Figure 1: Pedigree showing the segregation of the ZFYVE2 variant. Symbols: arrow – proband; filled symbol- affected individual; open symbol- unaffected individual; + - wild type allele.

This case concerns a young patient presenting with UL tremor and writer’s cramp, latter developing cognitive impairment and pyramidal signs, whose investigation led to the identification of a likely-pathogenic variant on ZFYVE26. In addition to bilateral lower limb spasticity and hyperreflexia, SPG15 usually encompasses cognitive deterioration preceding pyramidal signs, ^{Reference Hanein, Martin and Boukhris4} as occurred in this patient. Mean age of onset is usually below 15 years, and seizures, movement disorders, or peripheral neuropathy may be present in a considerable number of patients. ^{Reference Hanein, Martin and Boukhris4} To the best of our knowledge, limb dystonia has been only described in another family of four affected individuals, with one presenting hand dystonia without a task-specific nature. ^{Reference Hanein, Martin and Boukhris4} It is very interesting that in both our family and the previously reported, dystonia was present in only one member. ^{Reference Hanein, Martin and Boukhris4} Such intra-familial variability has been recognized in several neurological disorders and raises the role of epigenetic factors, yet unidentified, in its clinical expression.

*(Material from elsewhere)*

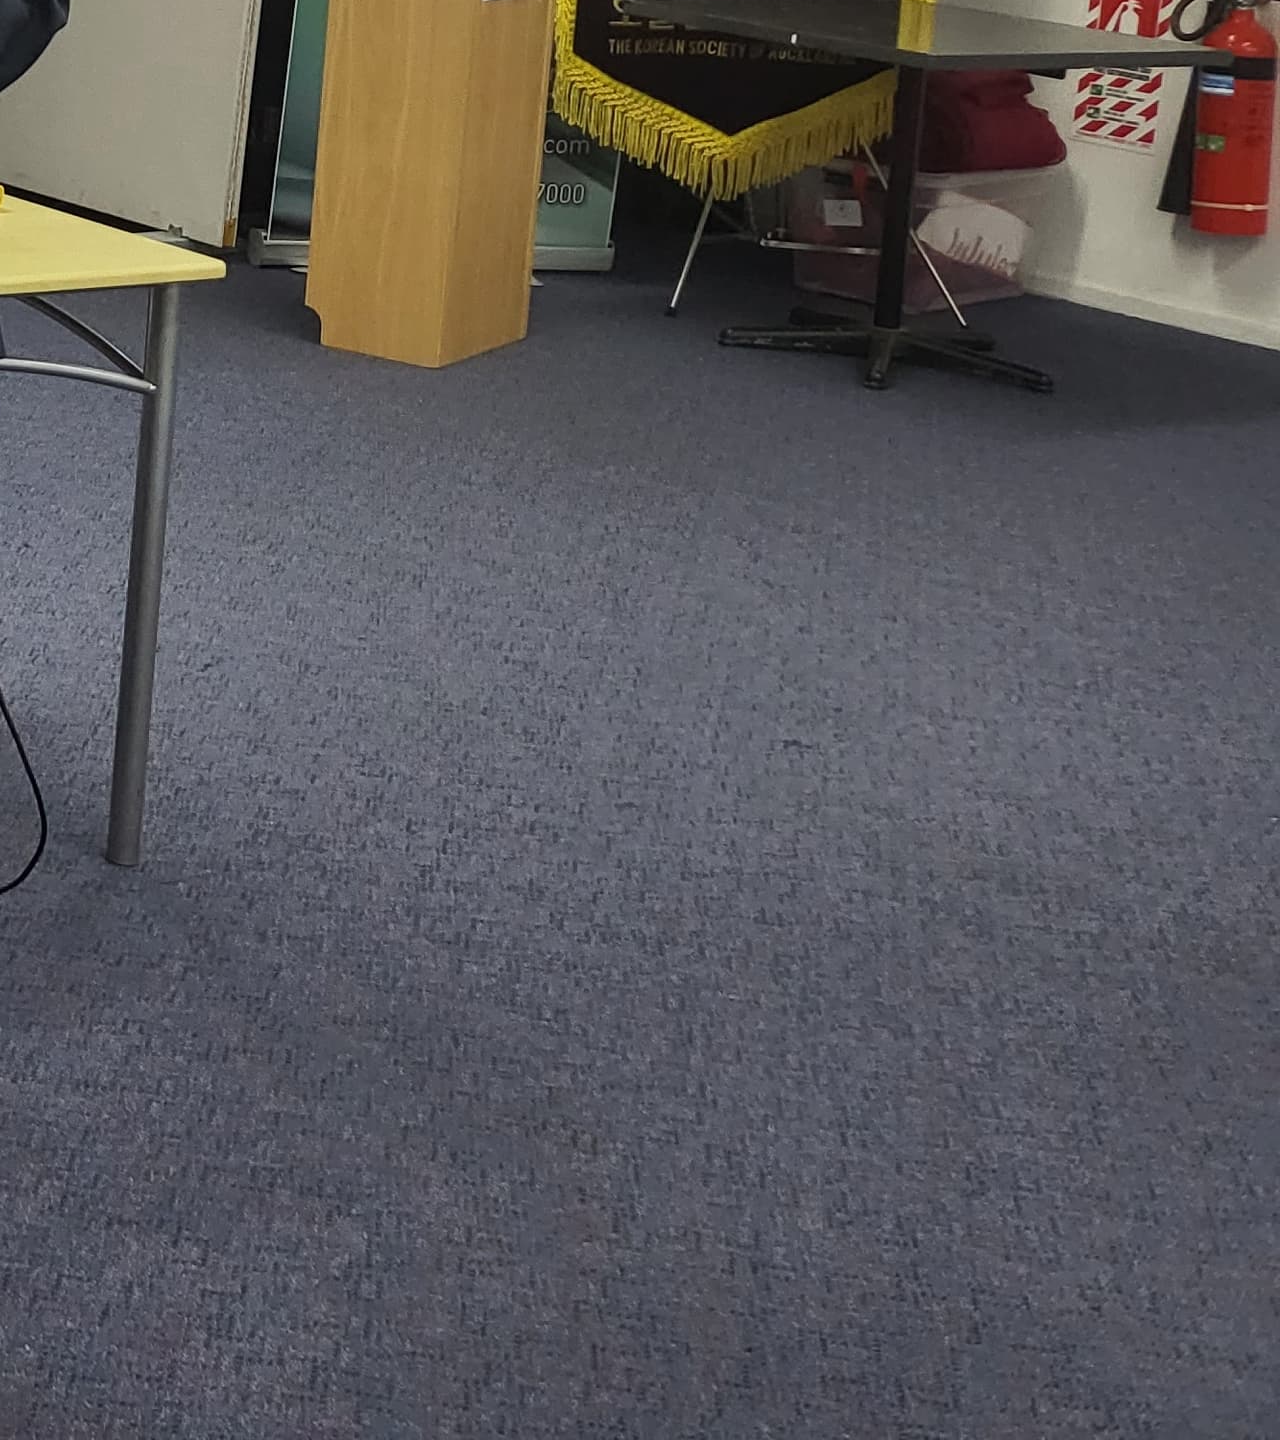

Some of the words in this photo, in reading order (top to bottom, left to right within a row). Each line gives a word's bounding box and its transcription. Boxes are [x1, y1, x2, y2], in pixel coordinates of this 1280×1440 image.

[608, 38, 631, 55] THE
[634, 38, 685, 56] KOREAN
[688, 41, 746, 58] SOCIETY

Before the widespread use of next-generation sequencing (NGS), dystonia has very occasionally been described in patients with recessive, complex SPG forms. Coutinho et al. (2009) identified only one case of dystonia (and a complex phenotype) in a series of 106 patients with autosomal recessive spastic paraplegia. ^{Reference Coutinho, Barros and Zemmouri6} More recently, spasmodic dysphonia, cervical and limb dystonia were reported in SPG7, and oromandibular dystonia in SPG11. ^{Reference Schaefer, Szekely, Moeller and Tinaz7} In the era of NGS, dystonia is being increasingly recognized in complex forms, as SPG76 or SPG78, either preceding pyramidal signs or emerging later in disease course. ^{Reference Odake, Koh and Takiyama8} Still, a task-specific nature at presentation has not been reported thus far.

Spastizin, the protein encoded by ZFYVE26, appears to play a role in endosomal trafficking, given its colocalization with markers of the endoplasmic reticulum and endosomes. ^{Reference Hanein, Martin and Boukhris4} Loss of function of spastizin (similarly to spatacsin) has also been implicated in the accumulation of autolysosomes and depletion of free lysosomes, translating a failure of autophagic lysosome reformation. ^{Reference Chang, Lee and Blackstone9} This may provide the background for the underlying pathogenic mechanism of dystonia in SPG15, as ultrastructural lysosomal abnormalities have been implicated in early-onset dystonia. We believe it would be interesting to perform functional studies on endosomal trafficking and lysosomal function in HSP patients with and without dystonia.

Herein, we describe a unique presentation of a patient with a ZFYVE26 homozygous variant, with records spanning 17 years of disease, documenting the progression of a childhood-onset focal, task-specific dystonia, to a typical phenotype of spastic paraplegia with thin corpus callosum, with predominant cognitive and pyramidal signs. This report broadens the phenotypic spectrum of ZFYVE26-related disorders and highlights the increasingly recognized insufficiency of phenotype-based classification systems for hereditary neurological diseases.